Predicting the impact of chronic health conditions on workplace productivity and accidents: results from two US Department of Energy national laboratories.

Author information

1
From the University of Maryland School of Social Work (Dr Frey and Ms Ko), Baltimore; Florida State University (Dr Osteen), Tallahassee; Institute for Social Research (Ms Berglund), University of Michigan, Ann Arbor; and Integrated Benefits Institute (Dr Jinnett), San Francisco, Calif.

Abstract

OBJECTIVE:

Examine associations of chronic health conditions on workplace productivity and accidents among US Department of Energy employees.

METHODS:

The Health and Work Performance Questionnaire-Select was administered to a random sample of two Department of Energy national laboratory employees (46% response rate; N = 1854).

RESULTS:

The majority (87.4%) reported having one or more chronic health conditions, with 43.4% reporting four or more conditions. A population-attributable risk proportions analysis suggests improvements of 4.5% in absenteeism, 5.1% in presenteeism, 8.9% in productivity, and 77% of accidents by reducing the number of conditions by one level.

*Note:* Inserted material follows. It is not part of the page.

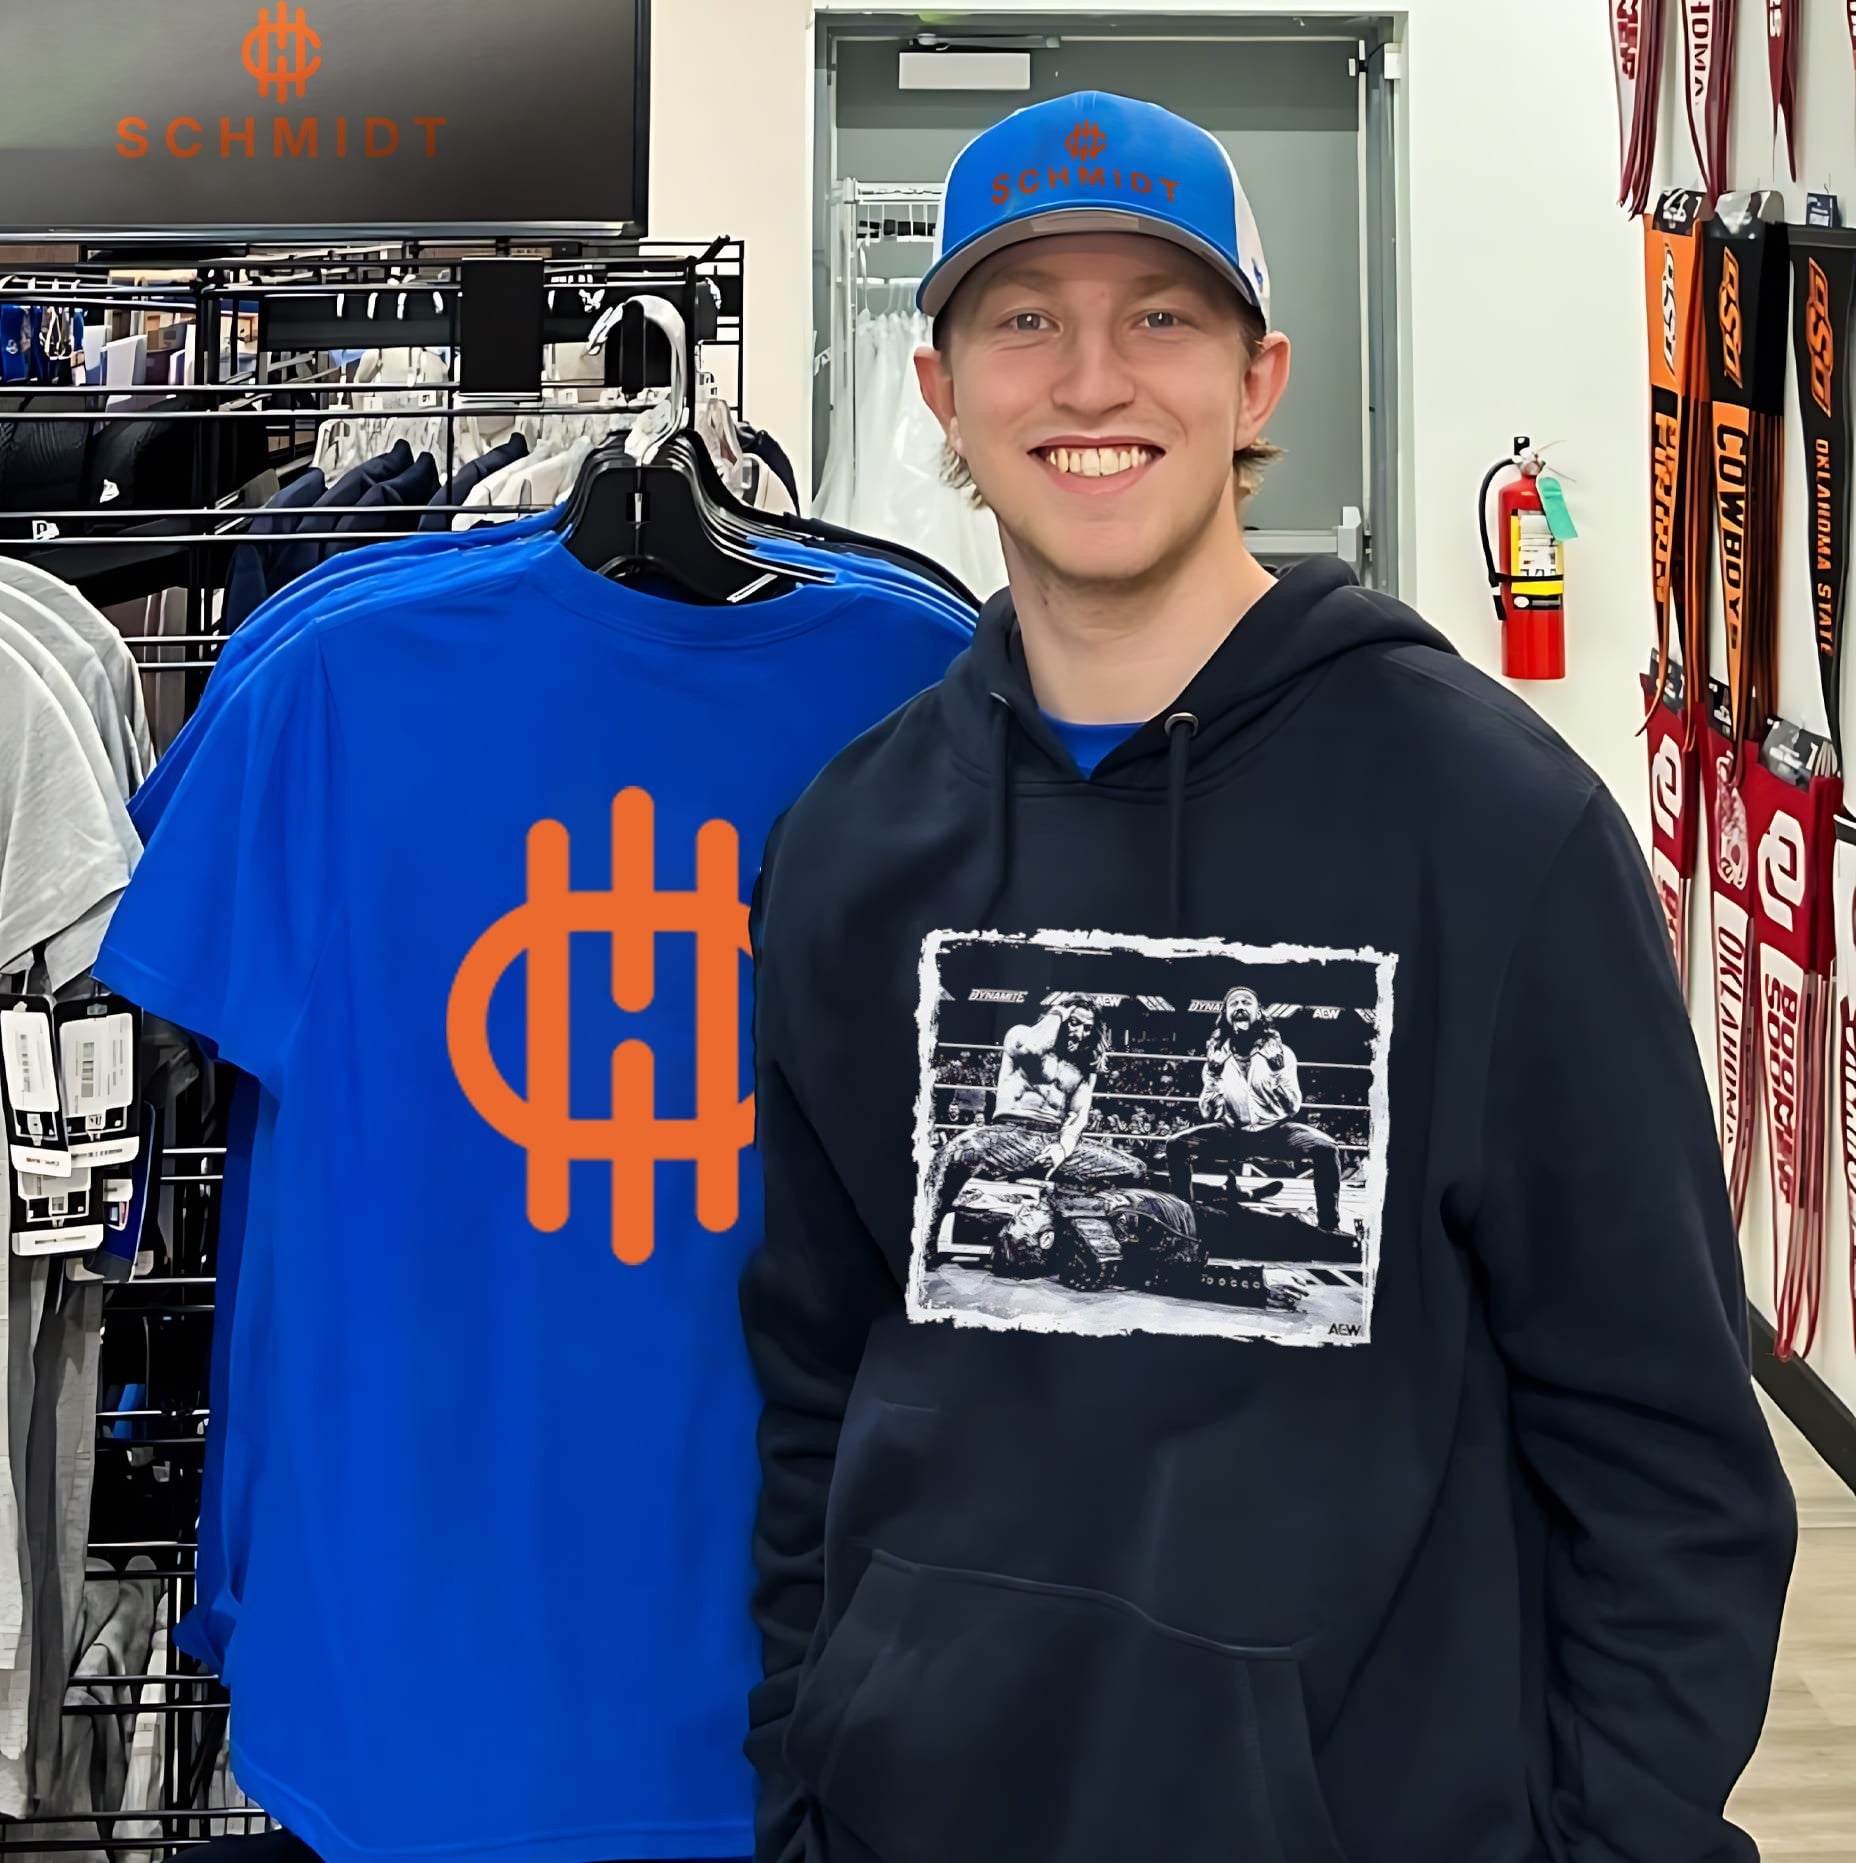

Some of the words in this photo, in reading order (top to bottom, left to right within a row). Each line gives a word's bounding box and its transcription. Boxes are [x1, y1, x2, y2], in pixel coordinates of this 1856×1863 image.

Depression was the only health condition associated with all four outcomes.

CONCLUSIONS:

Results suggest that chronic conditions in this workforce are prevalent and costly. Efforts to prevent or reduce condition comorbidity among employees with multiple conditions can significantly reduce costs and workplace accident rates.

PMID:
25654634
DOI:
10.1097/JOM.0000000000000383
[Indexed for MEDLINE]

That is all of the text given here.